Josh and I hiked up to where Lila Lake lay still, nestled in a valley between mountains. We set up camp, ate our food, and when it grew dark we walked into the valley until we found a soft patch of ground to lie down and stare at the sky. The moon peeked over a distant mountain, full of so much light you could almost feel it on your skin like sunlight. We were still, talking, enamored with peace. This high up, there was less in the air to hide the stars; they covered the dome of the sky from end to end, each one like a person wearing a headlamp, all wandering around in the dark looking for each other.
I do feel that way, like a little gleam lost in something vast. Lonely as it may seem. I am desperate to peer into the light of another person, and then to share it. And when a person comes along, another lonely gleam, and we share something, even briefly, it overwhelms me.
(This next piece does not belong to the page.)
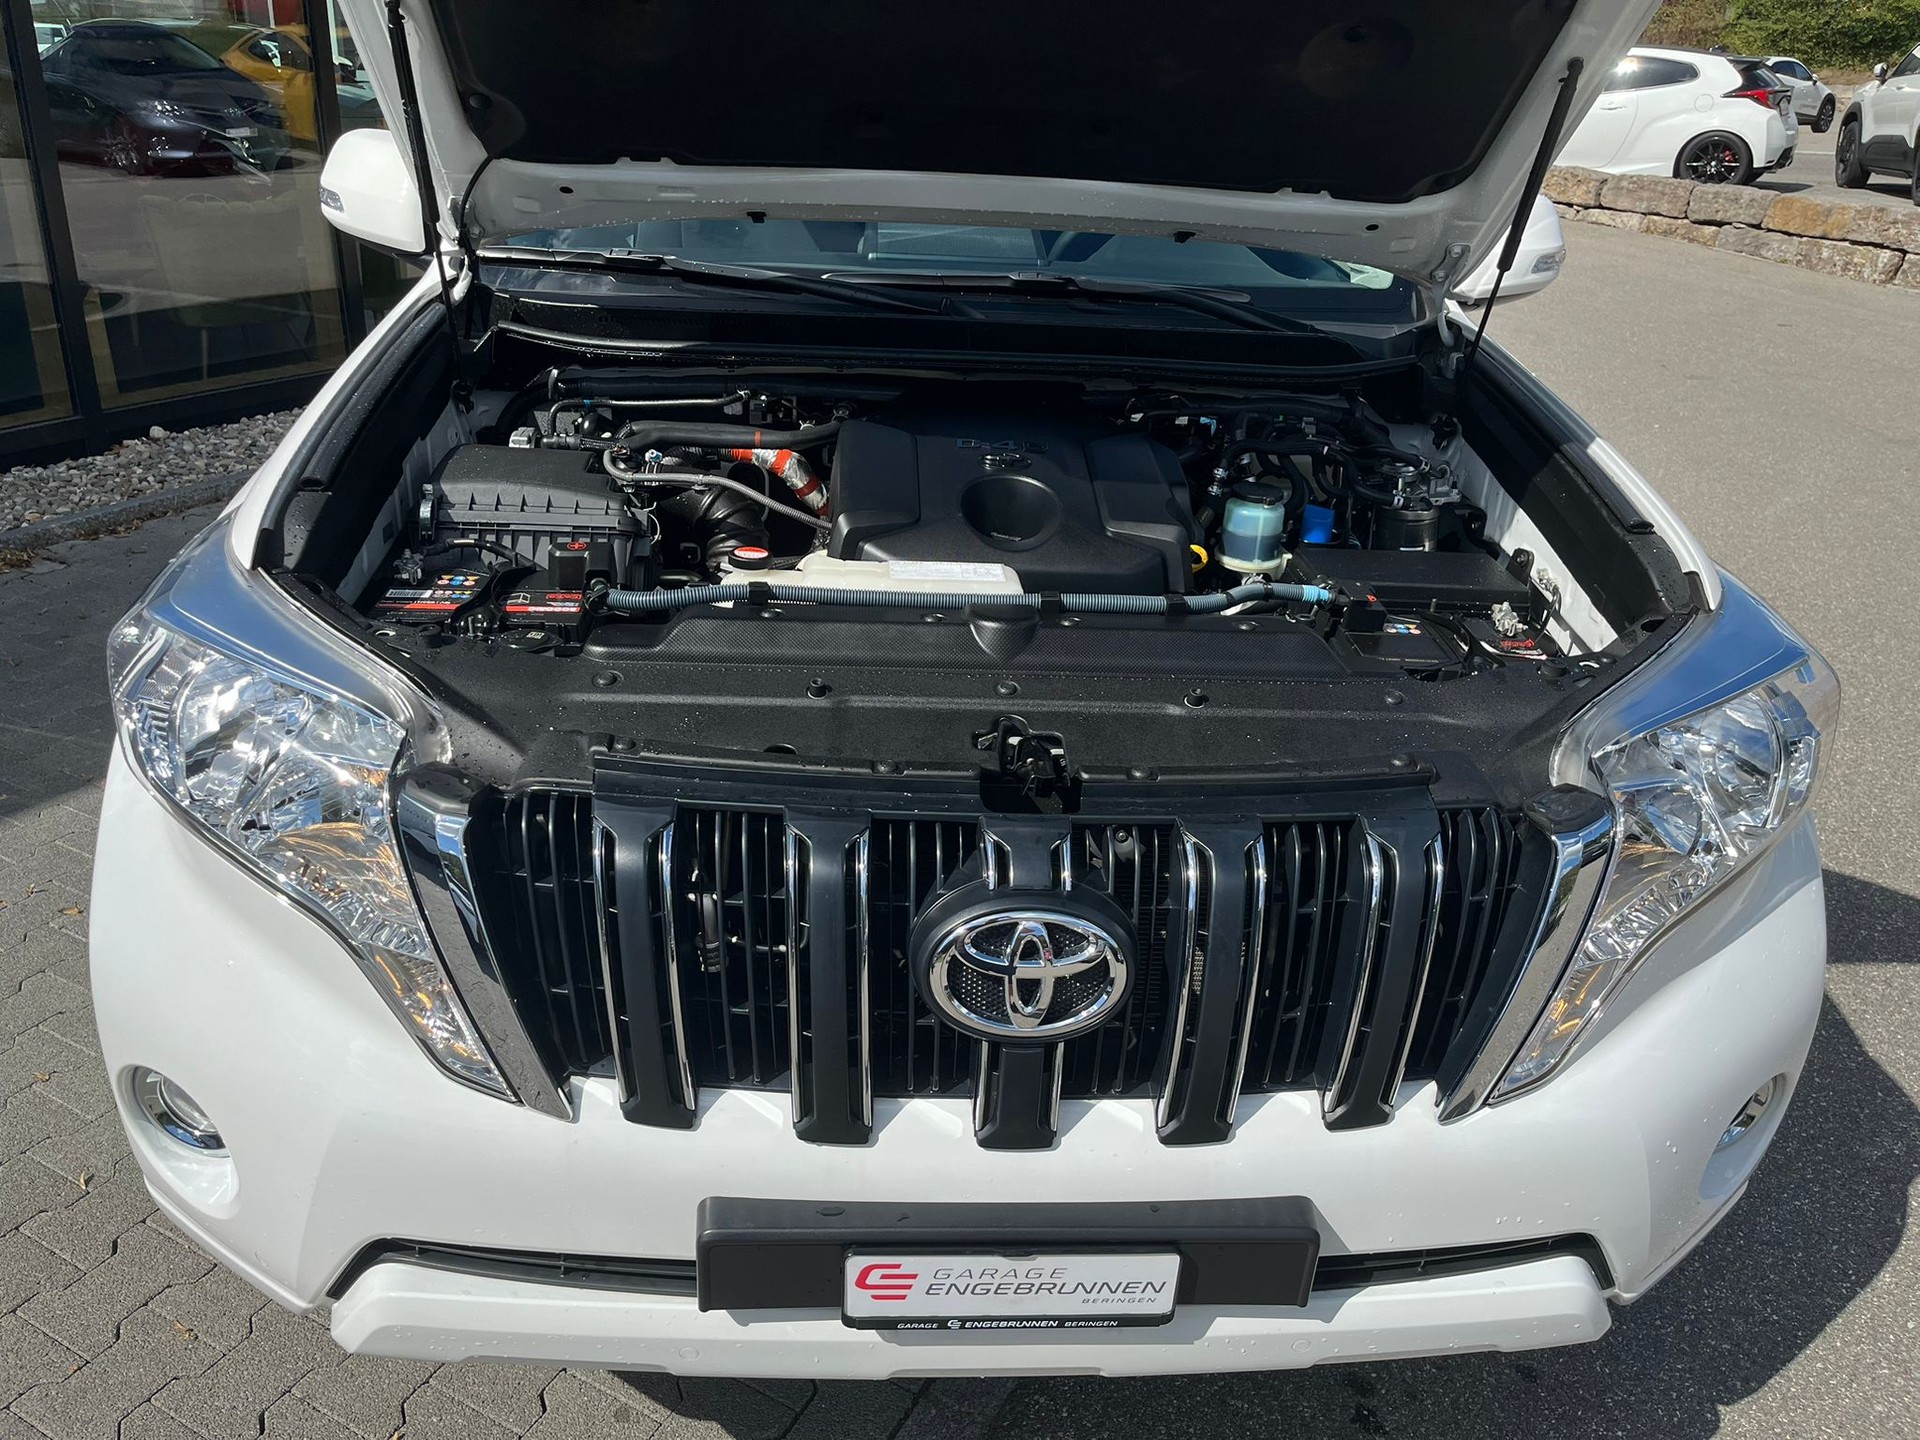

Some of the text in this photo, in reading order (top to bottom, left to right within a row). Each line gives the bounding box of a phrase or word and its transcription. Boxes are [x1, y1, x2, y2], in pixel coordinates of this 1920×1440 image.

[933, 1267, 1068, 1280] GARAGE
[924, 1281, 1167, 1296] ENGEBRUNNEN
[964, 1320, 1059, 1329] ENGEBRUNNEN
[1064, 1320, 1119, 1328] BERINGEN
I am speaking of all my relationships, but I’m mostly speaking of love. It’s when I share something with someone I hope to love, or do love, that I’m left wondering if it has always been so dark here.
So it may come as no surprise to you that I fell very quickly for someone I met over Tinder. Love’s sewage system. I haven’t been interested in anyone new for years, but a well-written profile coupled with some careful, sincere pictures sank my heart. We went on a date, and I was struck with hope. Here is someone beautiful, quiet, and reflective. I liked the way she looked at me. I liked looking at her. I liked listening to her.
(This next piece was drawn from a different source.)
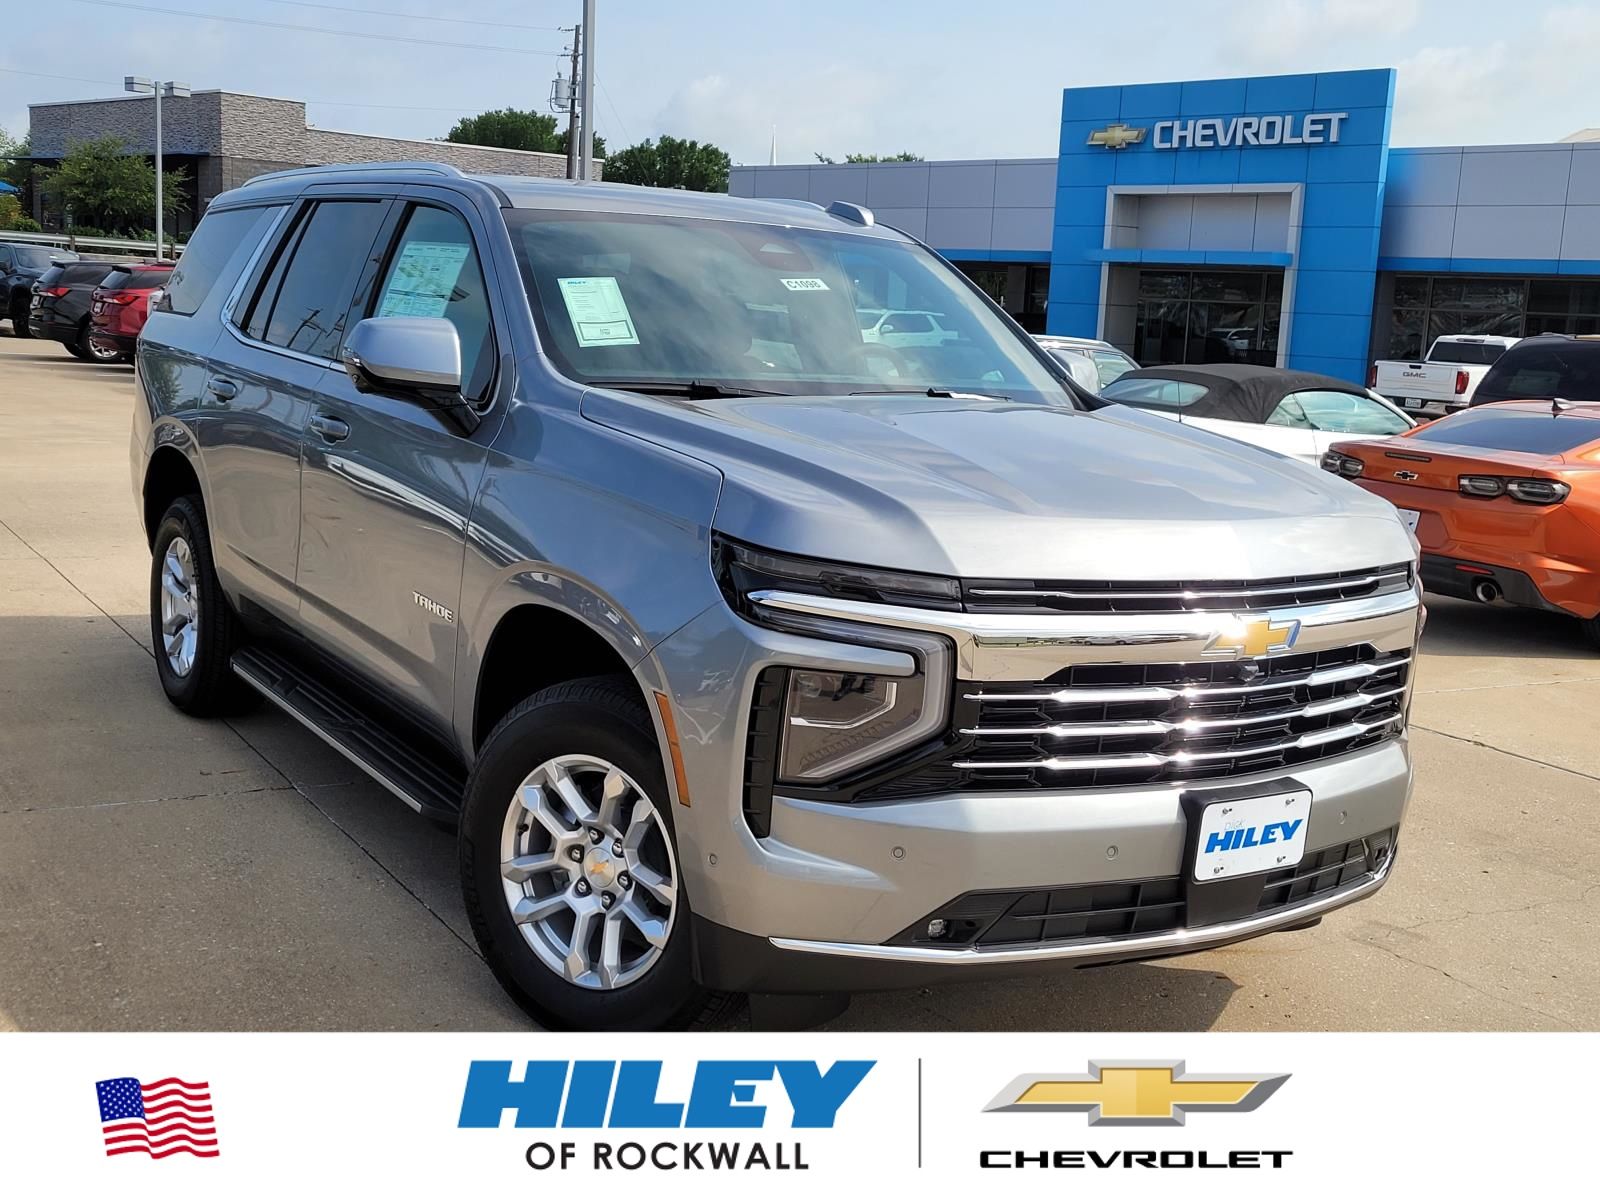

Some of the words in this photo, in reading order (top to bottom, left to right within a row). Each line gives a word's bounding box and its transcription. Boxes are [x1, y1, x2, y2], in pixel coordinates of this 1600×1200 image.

[1153, 112, 1348, 149] CHEVROLET
[412, 591, 454, 623] TAHOE
[1204, 819, 1302, 853] HILEY
It’s always too fast when I fall. I know this about myself, but that doesn’t take away the frustration of falling, hard, again and again. To stop it would be as simple as dismantling my imagination, saying “no” to the images of that excited first kiss, images of our dating life. It’s all too much too soon, but those ideas feel so pleasant and good. I’ll keep my imagination in check one second, and in the next find myself resting in an vision of what it would be like to hold hands and talk. You don’t need to tell me how unreasonable it is to be taken ahold of like that so soon. It’s never my intention or desire to be overcome—it hits me as naturally as falling asleep on the shore while the tide laps over. By the time I wake up, I am already underwater. It’s a moment we all would prefer to avoid; it’s a moment I find myself in often.
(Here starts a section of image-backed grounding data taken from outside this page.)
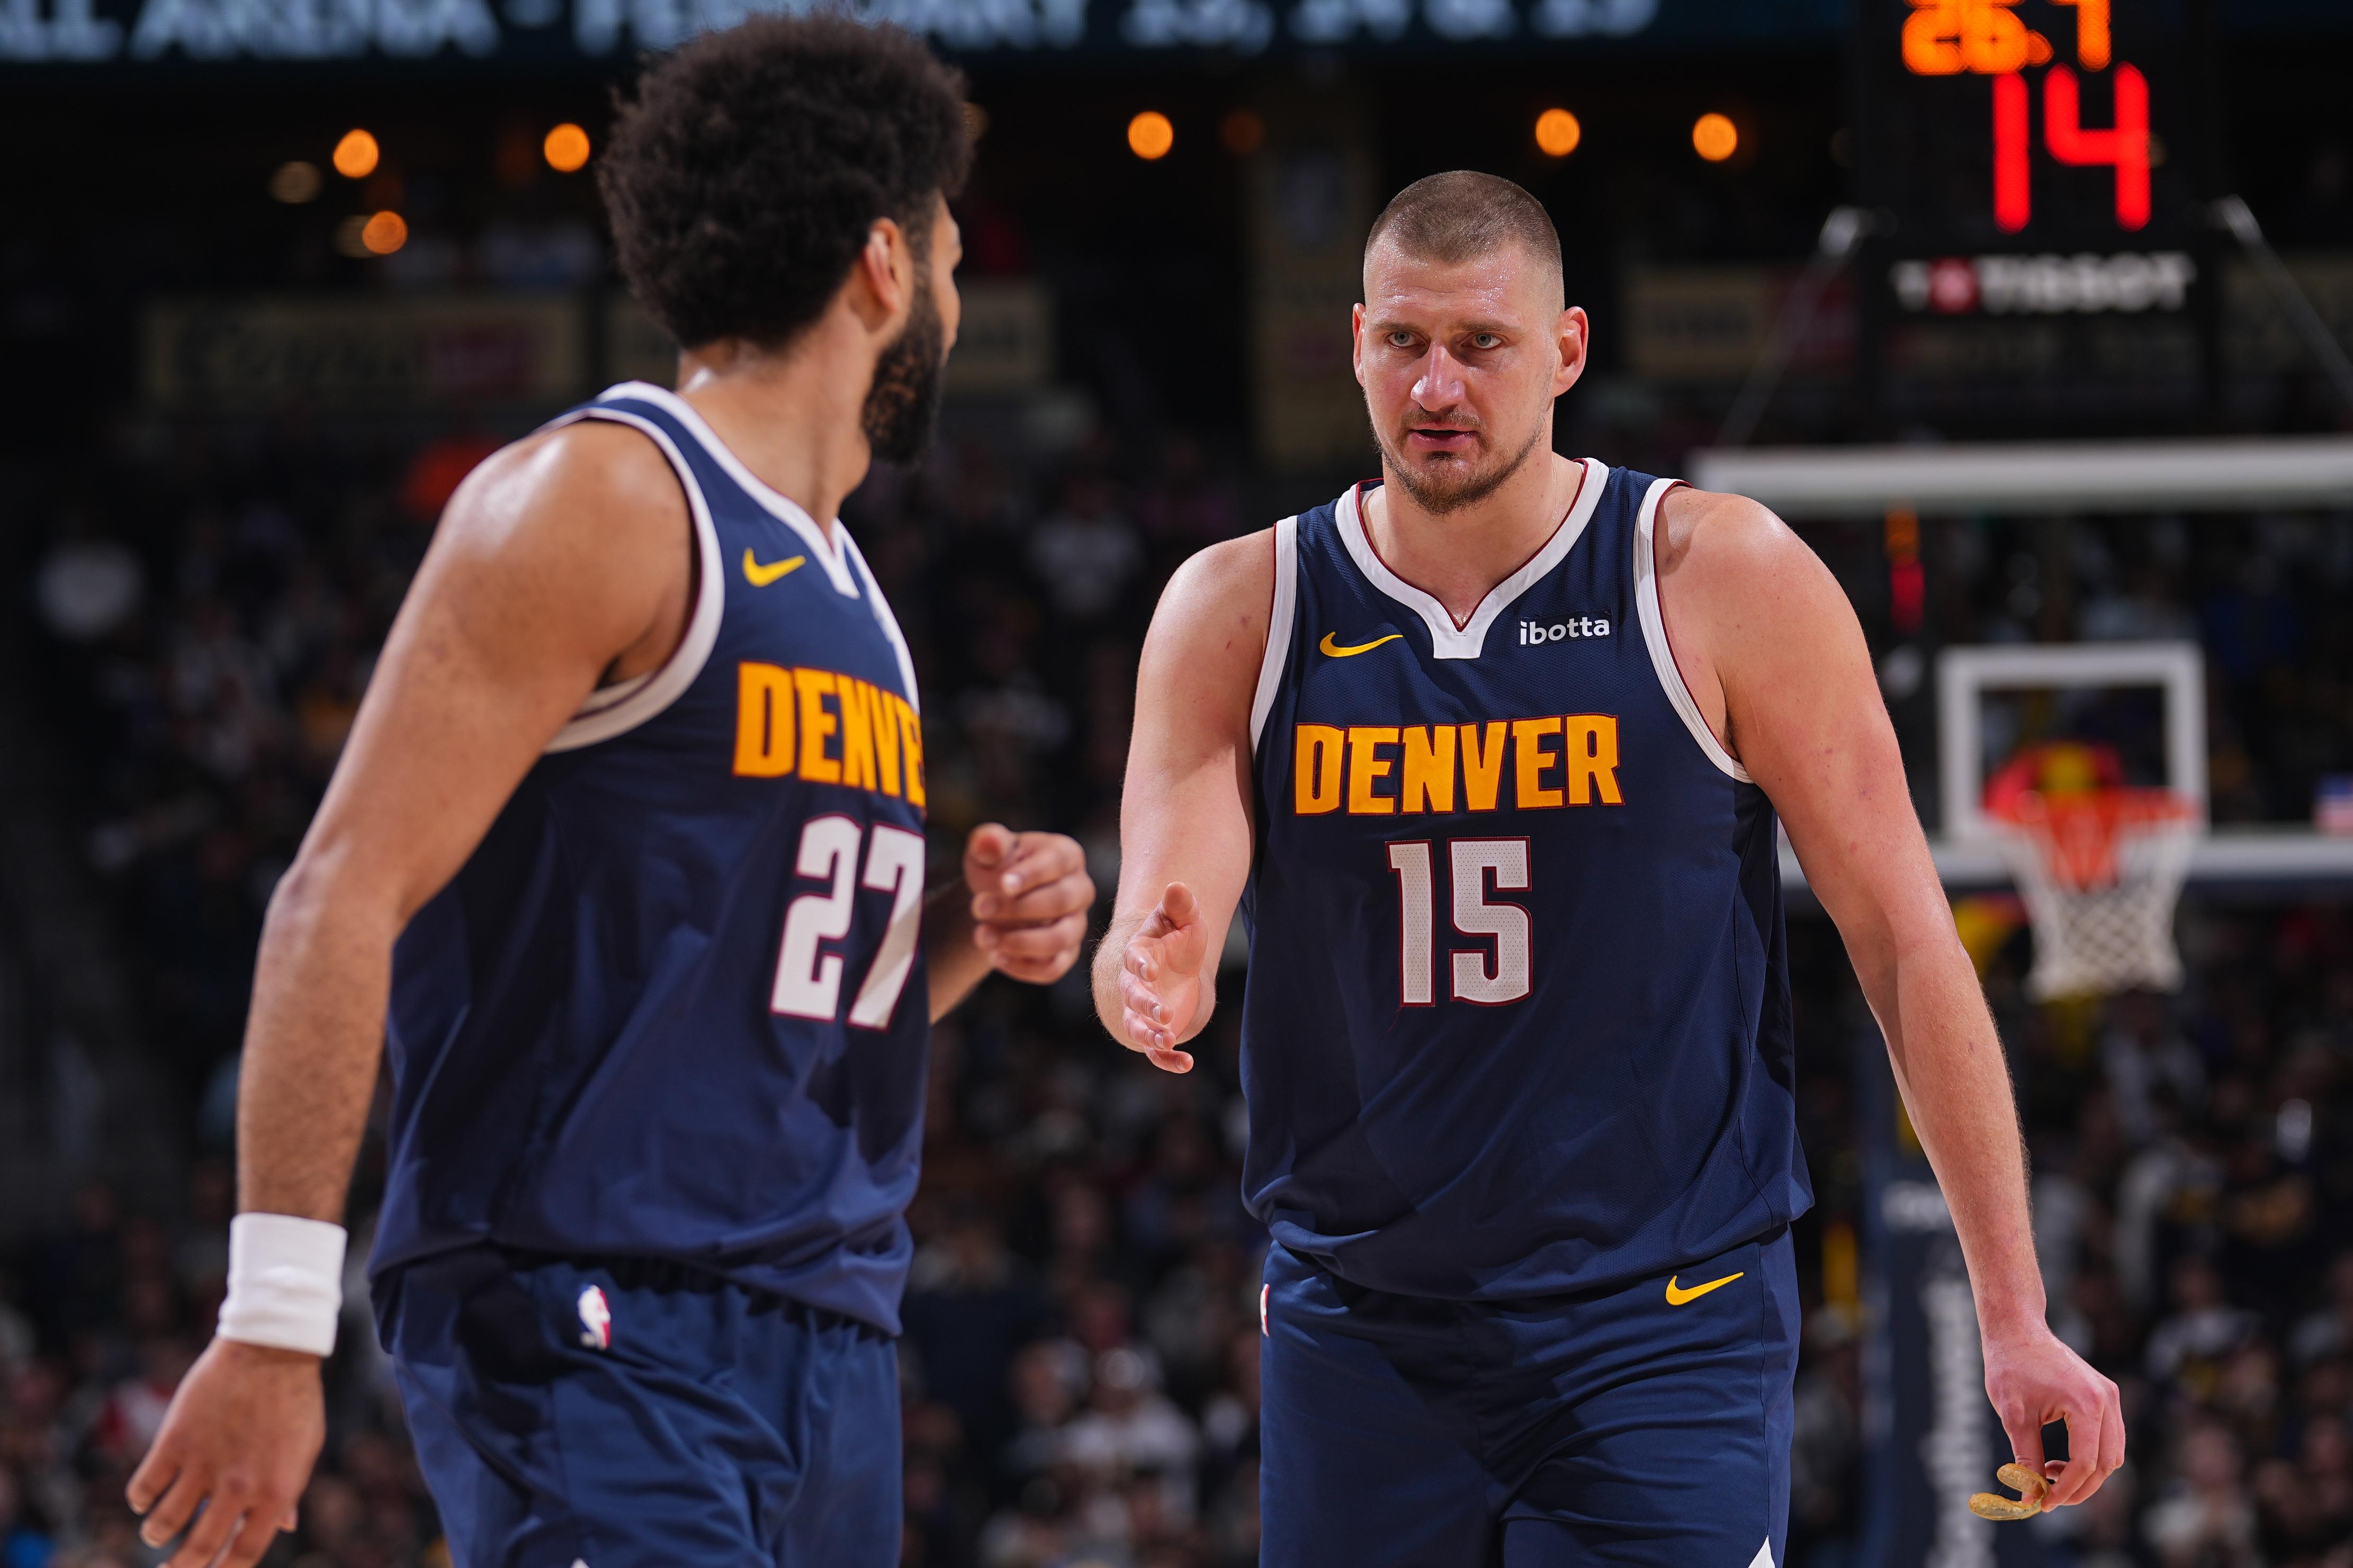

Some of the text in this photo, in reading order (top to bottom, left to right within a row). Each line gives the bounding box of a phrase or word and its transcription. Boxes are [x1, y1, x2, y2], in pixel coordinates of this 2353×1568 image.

[1992, 61, 2151, 233] 14
[1520, 617, 1611, 645] ibotta
[732, 661, 926, 808] DENVE
[1294, 713, 1625, 817] DENVER
[769, 812, 926, 1033] 27
[1385, 835, 1533, 1008] 15
The first date was last week. We had planned to meet again the day after, but when I offered a time and place, I got no response. So we agreed to meet on Monday, but again, she didn’t respond to any of my texts the day of. I’ve sent too many. The time our date would have happened came and went with no word from her, and I did what no one should ever do—I sent a Facebook message, a lengthy one, saying what I saw in her, what I saw in myself, expressing regret, and hoping she might still want a second date. I shouldn’t have sent it, but I was hopeful and embarrassed. I had sent the message as a way to smooth out the mistakes I had already made, but the tide quickly turned. Soon I was staring disgustedly at the computer screen. What have I done?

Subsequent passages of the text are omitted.